“Holy cow, this is really bad,” radio astronomer Mark Reid said when informed by ScienceInsider that the telescopes were going offline. “If they don’t operate the telescopes, it could mean a year’s worth of data becomes useless.” And it would be a costly loss, he adds, estimating that the data cost $500,000 to collect.
Reid is a U.S. government employee who works for the Smithsonian Astrophysical Observatory, part of the Harvard-Smithsonian Center for Astrophysics in Cambridge, Massachusetts. Like hundreds of thousands of other federal workers, he’s been at home since the shutdown began on Tuesday. Meanwhile, he’s been trying to use some of his time off productively, thinking about his collaborative work with an international team on measuring and mapping the great spiral arms of the Milky Way.

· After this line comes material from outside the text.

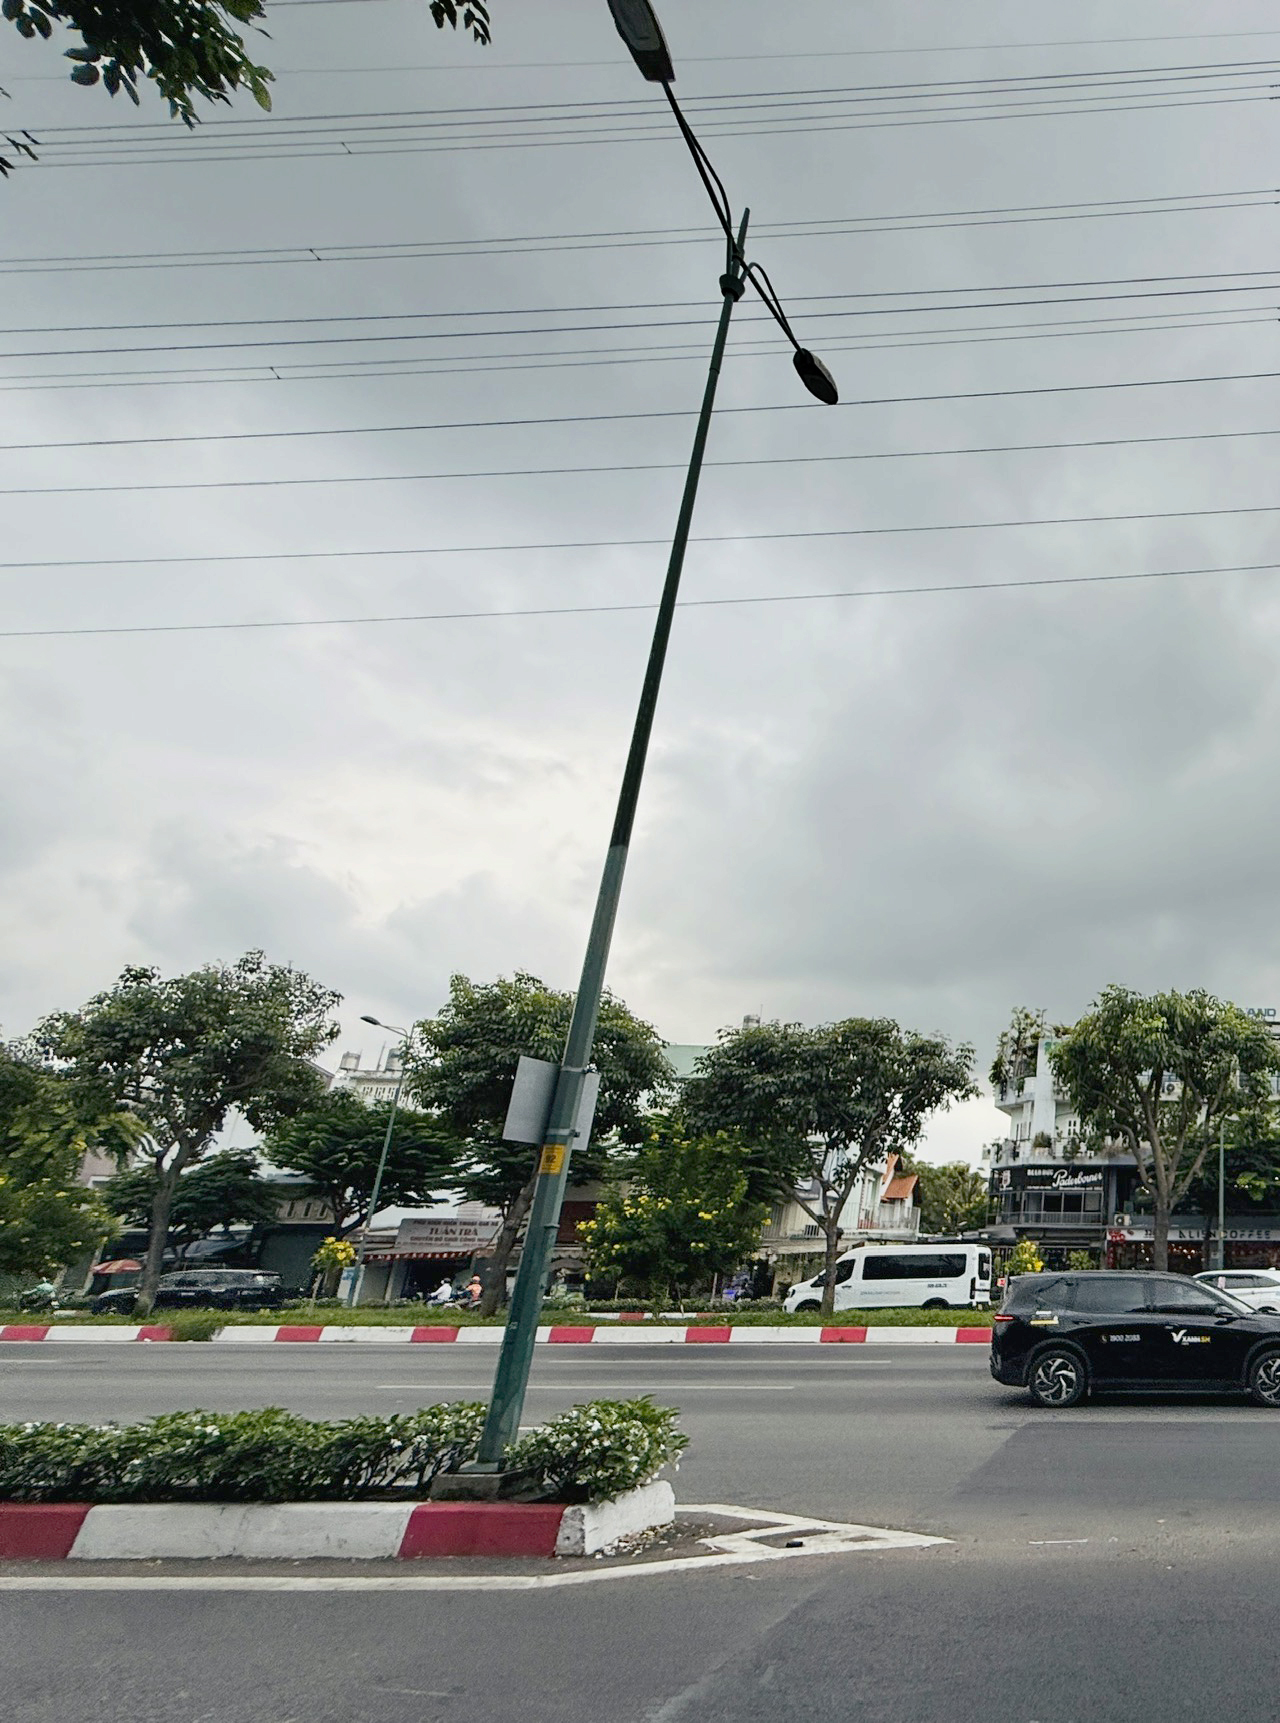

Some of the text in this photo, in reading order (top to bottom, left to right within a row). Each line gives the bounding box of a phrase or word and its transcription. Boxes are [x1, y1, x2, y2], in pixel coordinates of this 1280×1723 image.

Twice a year, Reid and his colleagues use the Very Long Baseline Array (VLBA)—a string of 10 sensitive radio telescopes stretching 8600 kilometers from Hawaii to the Virgin Islands and New England—to help make measurements from Earth to massive gas clouds surrounding about 50 newborn stars in the galaxy. The VLBA measurements, made in the spring and fall, allow the team to calculate distances to the stars and construct a map of the galaxy. The map’s accuracy, however, depends on comparing three sets of VLBA measurements taken over 18 months.